As for Triton, it is itself a prime inducement to put such a mission together:

The partial coverage of the surface of Triton revealed one of the youngest surfaces of the Solar System, suggesting the satellite is possibly more active than Europa… Notwithstanding this, the surface of Triton showed a variety of cryovolcanic, tectonic and atmospheric features and processes… The improved mapping of these satellites, both in terms of coverage and resolution, would allow to study their crater records and their surface morphologies, which in turn would provide a deeper insight on their past collisional and geophysical histories.

Both Galileo and Cassini have given us in-depth looks at a gas giant and its satellites, and we now ponder the kind of follow-ups that will investigate specific areas like the interior of Jupiter (Juno) and specific Jovian moons like Ganymede, Callisto and Europa (the JUICE mission). Cassini’s successes have been spectacular, but I like the approach that Diego Turrini and his colleagues take when they observe that comparative studies of the gas giants involving separate missions demand the completion of each before a full assessment of their data can begin.
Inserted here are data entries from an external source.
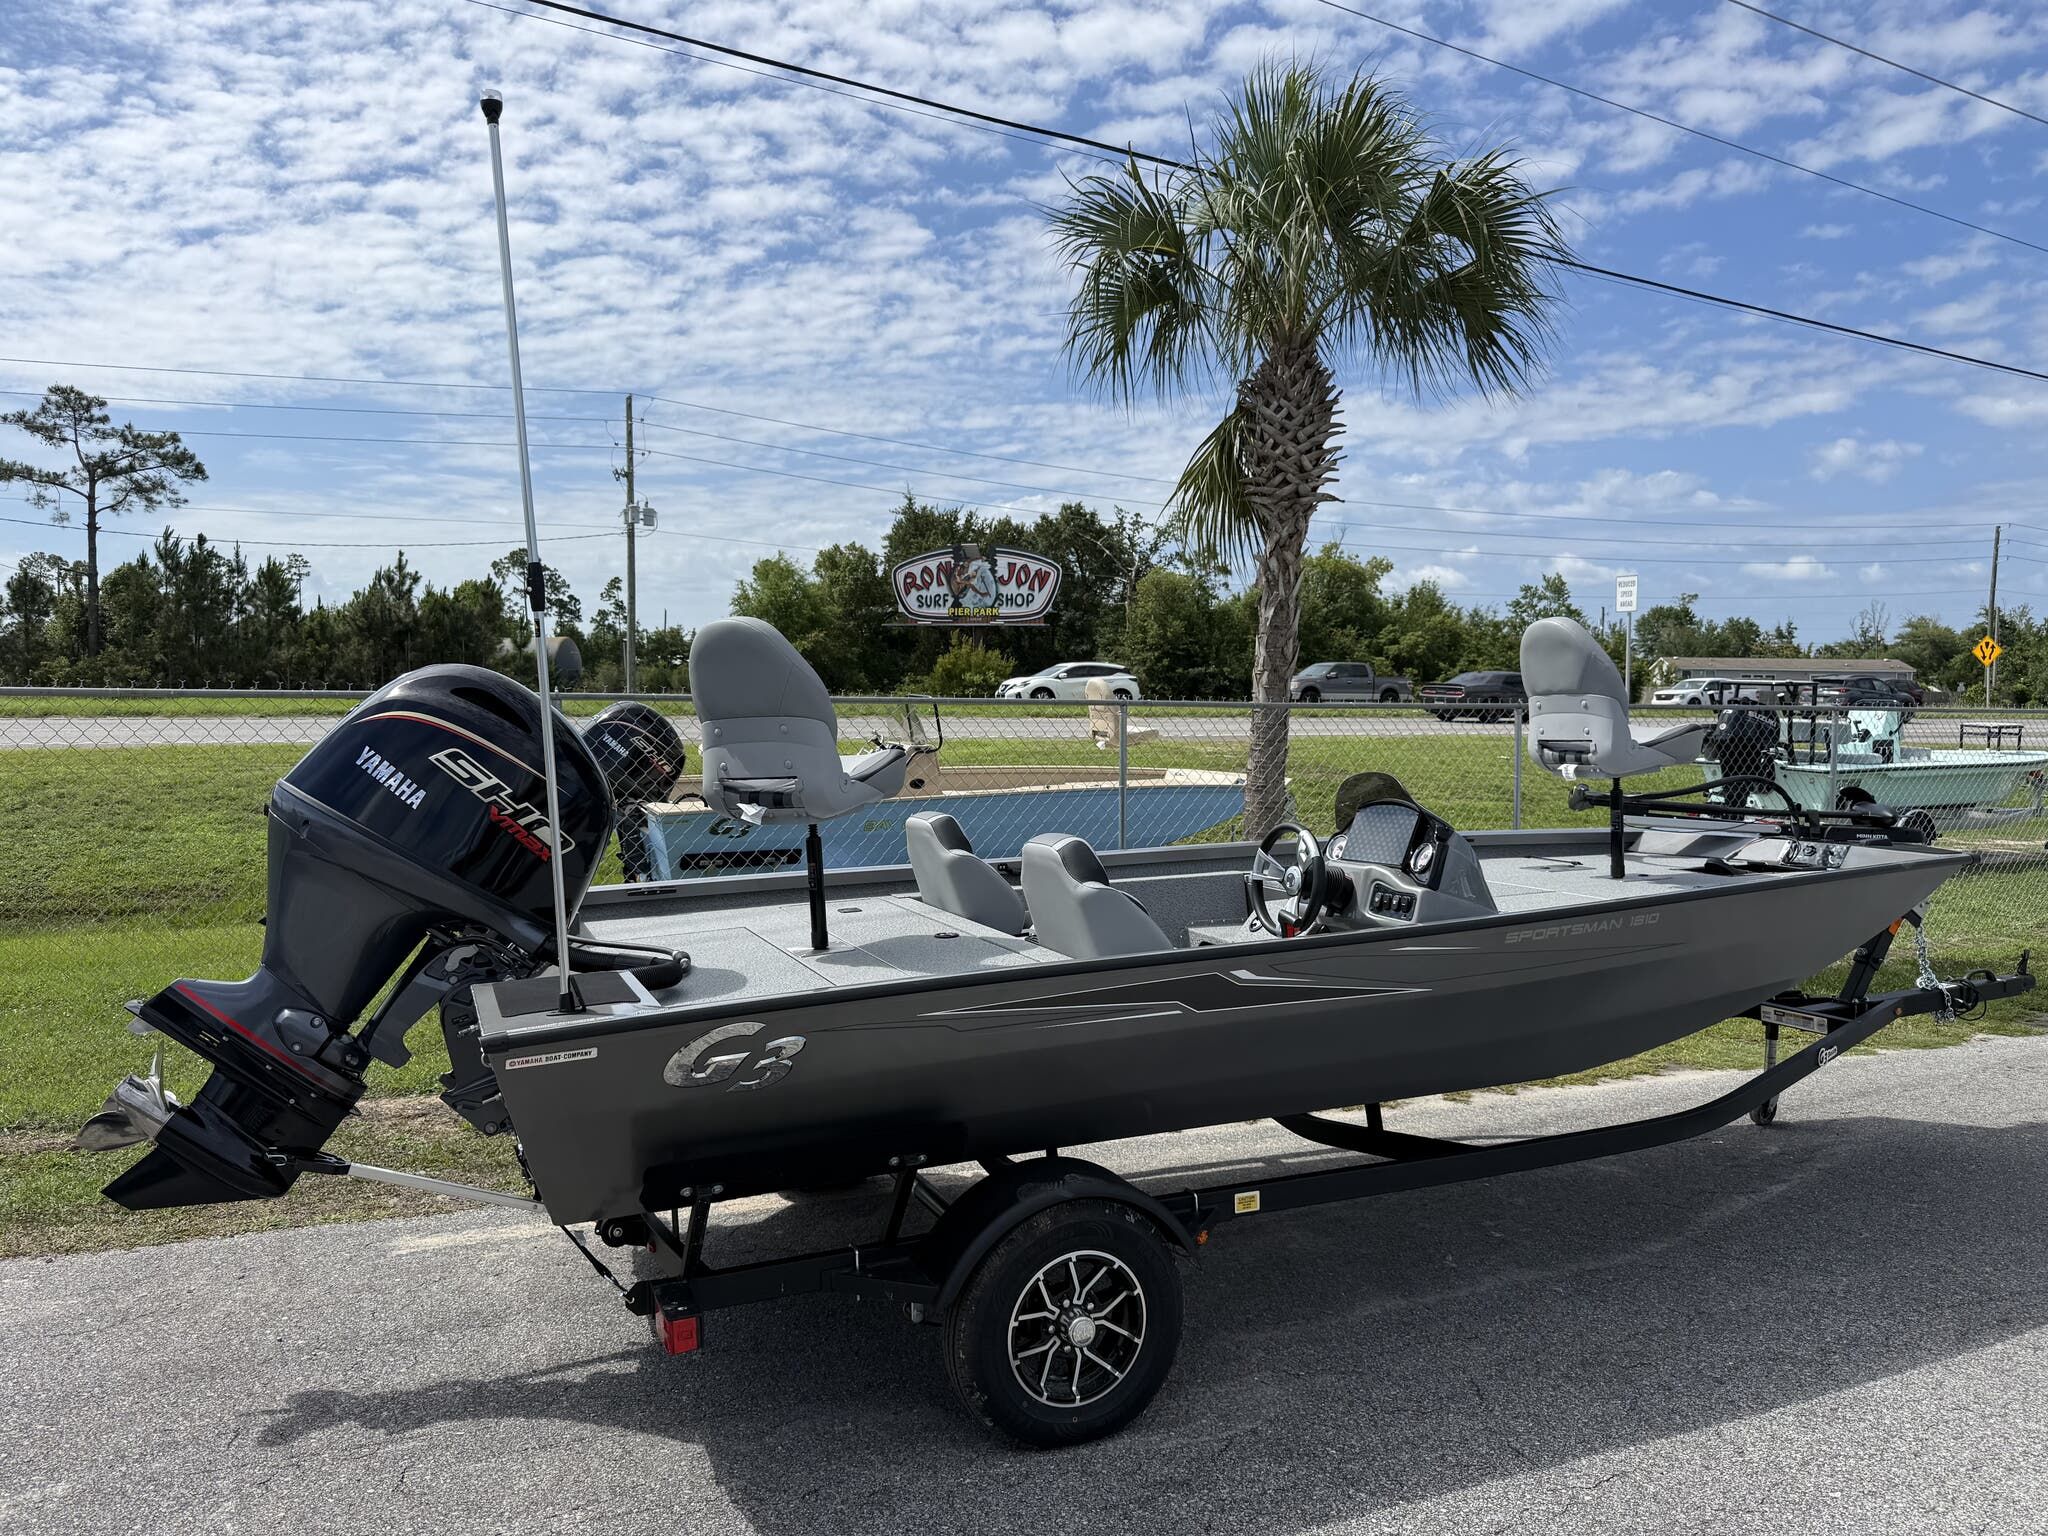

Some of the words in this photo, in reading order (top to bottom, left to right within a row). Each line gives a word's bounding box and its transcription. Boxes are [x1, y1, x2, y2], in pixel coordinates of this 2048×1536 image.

[903, 561, 951, 596] RON
[999, 562, 1051, 593] JON
[1618, 580, 1635, 588] REDUCED
[917, 593, 949, 608] SURF
[998, 593, 1035, 608] SHOP
[1620, 590, 1633, 598] SPEED
[948, 607, 971, 616] PIER
[973, 607, 999, 616] PARK
[602, 733, 629, 757] YAMAHA
[355, 745, 427, 810] YAMAHA
[428, 748, 576, 855] SHO
[1504, 917, 1624, 944] SPORTSMAN
[1630, 913, 1660, 928] 1810
[516, 1057, 543, 1067] YAMAHA
[663, 1021, 807, 1092] G3
Instead, Turrini argues for ODINUS as “…two M-class spacecraft to be launched toward two different targets in the framework of the same mission.” The tradeoff is likewise obvious: While we get comparative planetary data — in this case on the ice giants Uranus and Neptune — in a shorter timeframe, we also need to produce two spacecraft and manage them simultaneously, likely limiting the amount of instruments in the scientific payload of each. Can we find a way to do this while still achieving the high-quality science we expect from separate dedicated missions?
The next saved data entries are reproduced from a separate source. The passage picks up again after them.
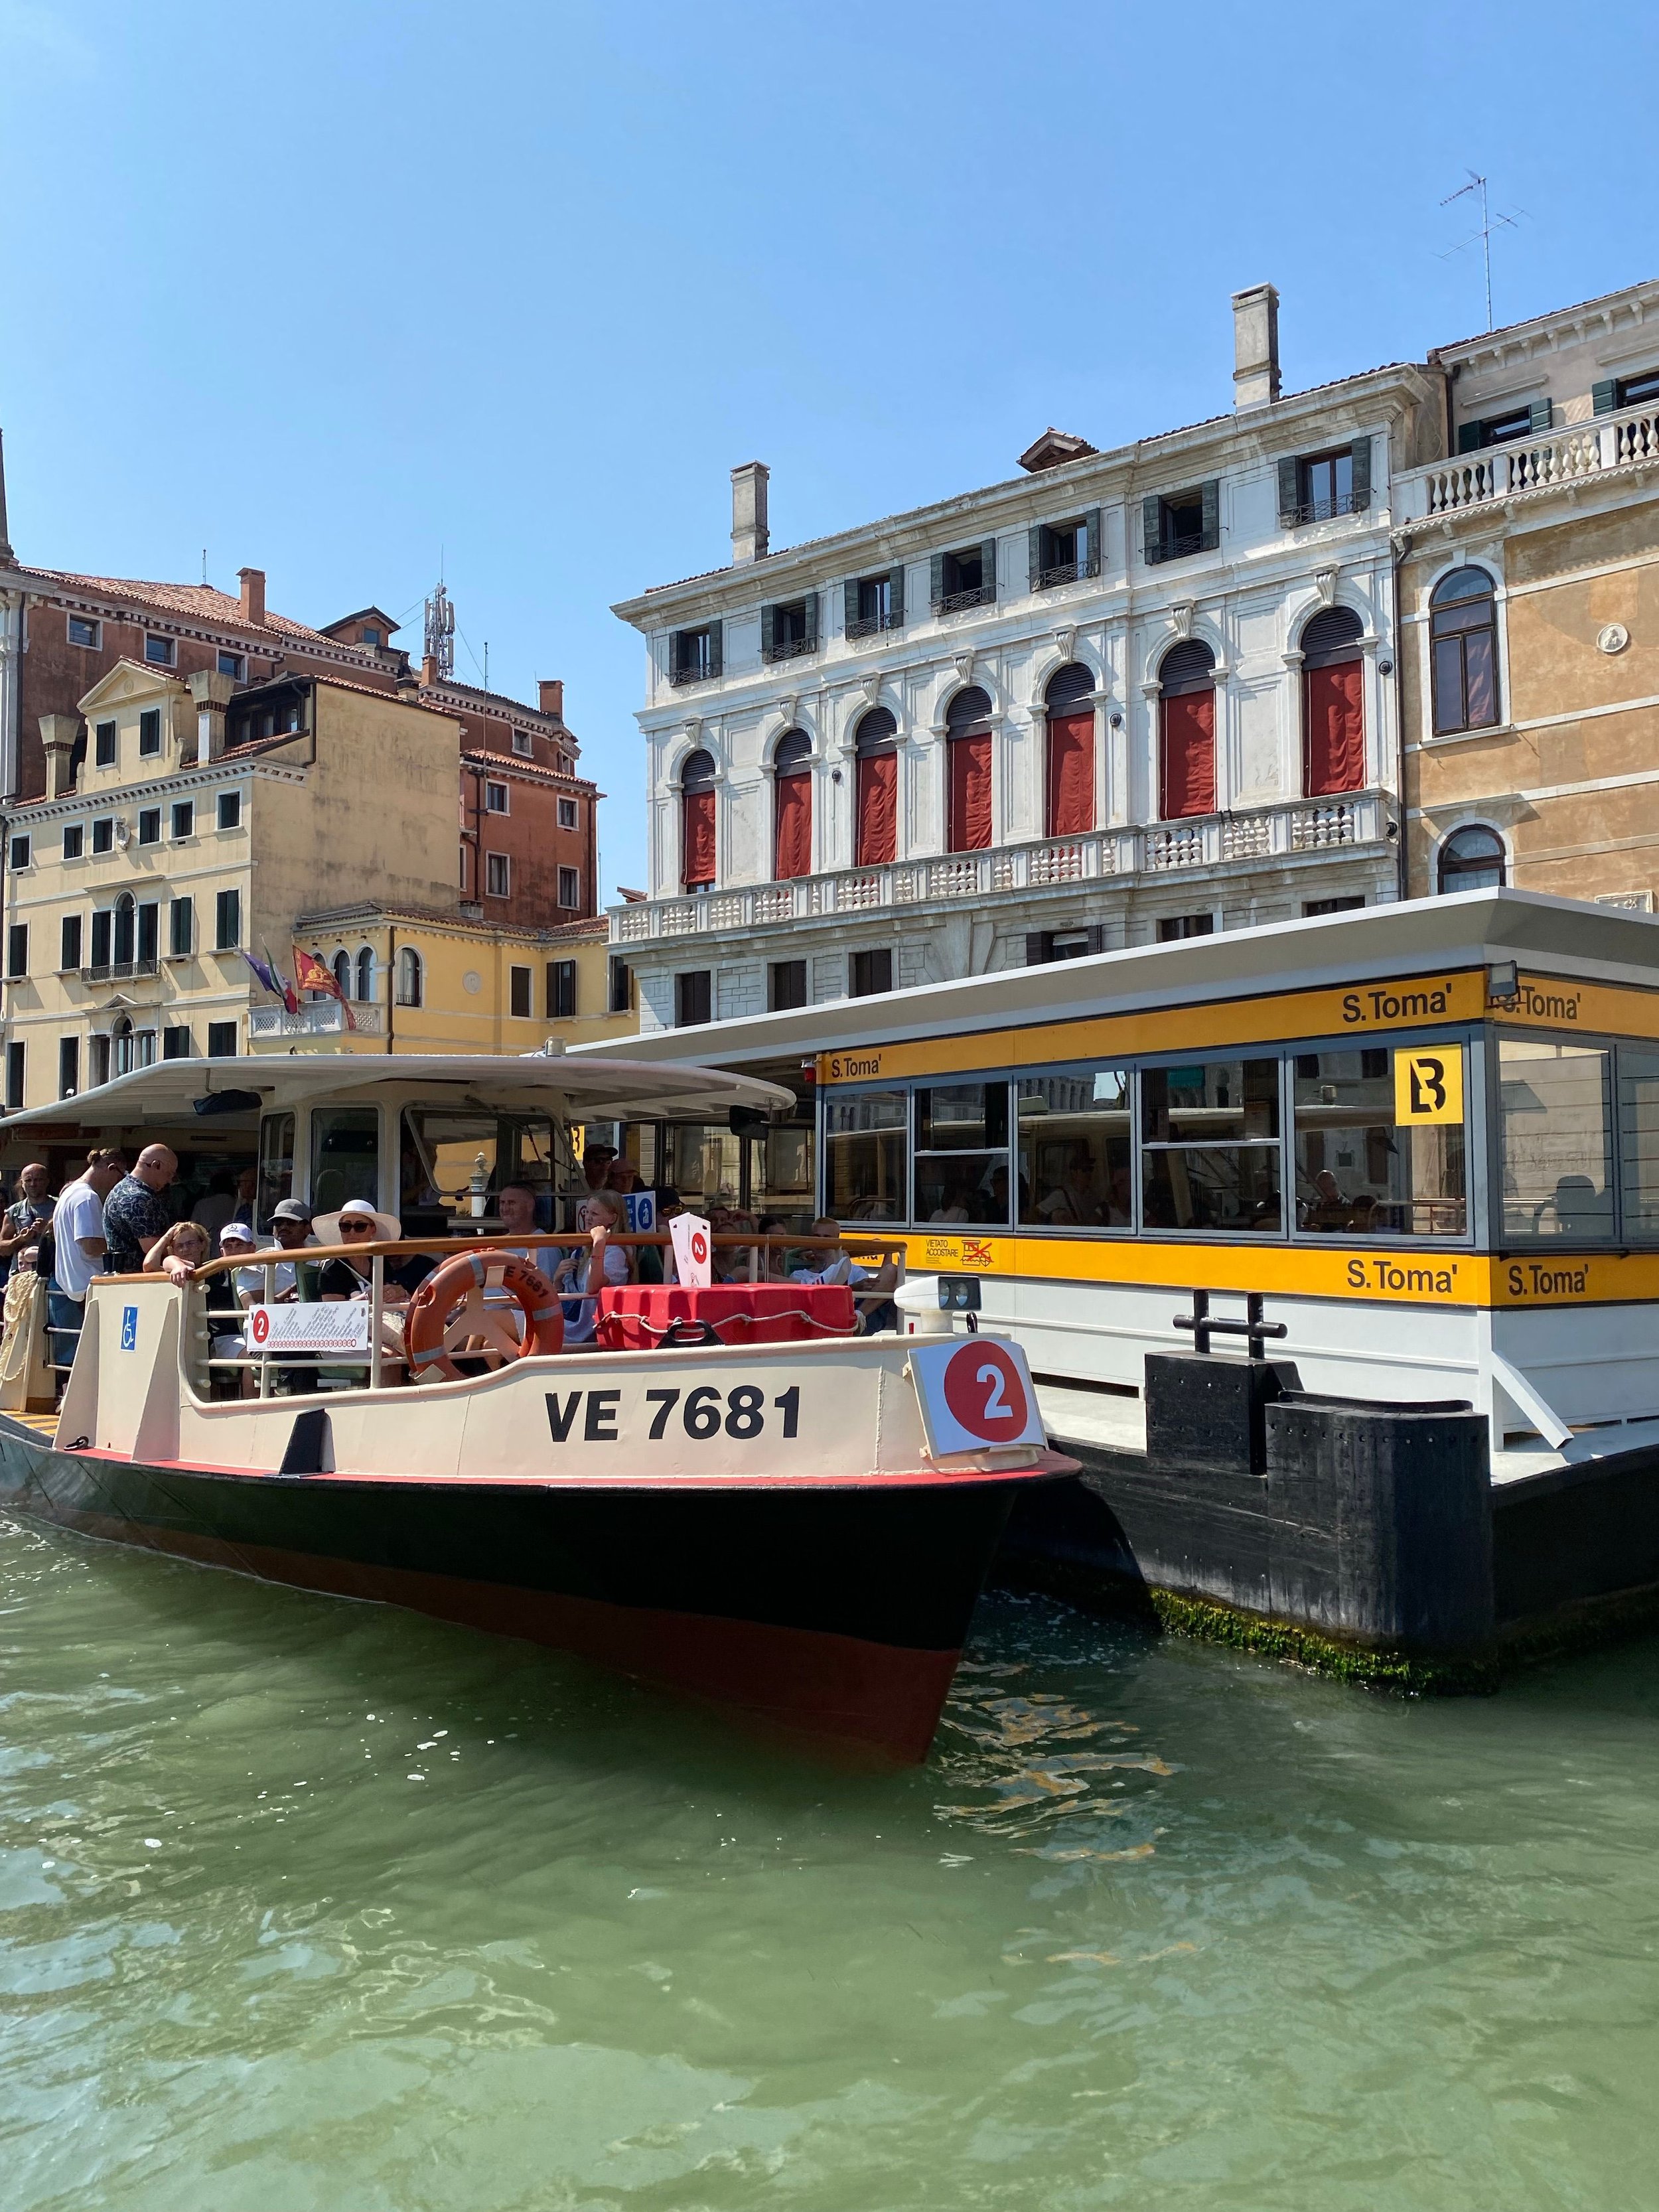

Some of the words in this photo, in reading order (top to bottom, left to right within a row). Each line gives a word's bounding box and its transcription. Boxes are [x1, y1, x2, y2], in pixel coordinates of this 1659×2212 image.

[1409, 1058, 1446, 1114] B
[694, 1241, 704, 1256] 2
[926, 1239, 948, 1248] VIETATO
[926, 1248, 959, 1257] ACCOSTARE
[519, 1270, 549, 1298] 7681
[257, 1317, 265, 1336] 2
[976, 1364, 1013, 1420] 2
[544, 1389, 621, 1443] VE
[646, 1384, 800, 1440] 7681
It’s an open question, and every Cassini success speaks to the value of the more traditional approach, but we should be looking at ways to speed up the comparative data return in future missions. It will be interesting to see how ODINUS fares among its ESA critics. The Turrini paper cited here and yesterday is “The Scientific Case for a Mission to the Ice Giant Planets with Twin Spacecraft to Unveil the History of our Solar System,” submitted to Planetary and Space Science (preprint).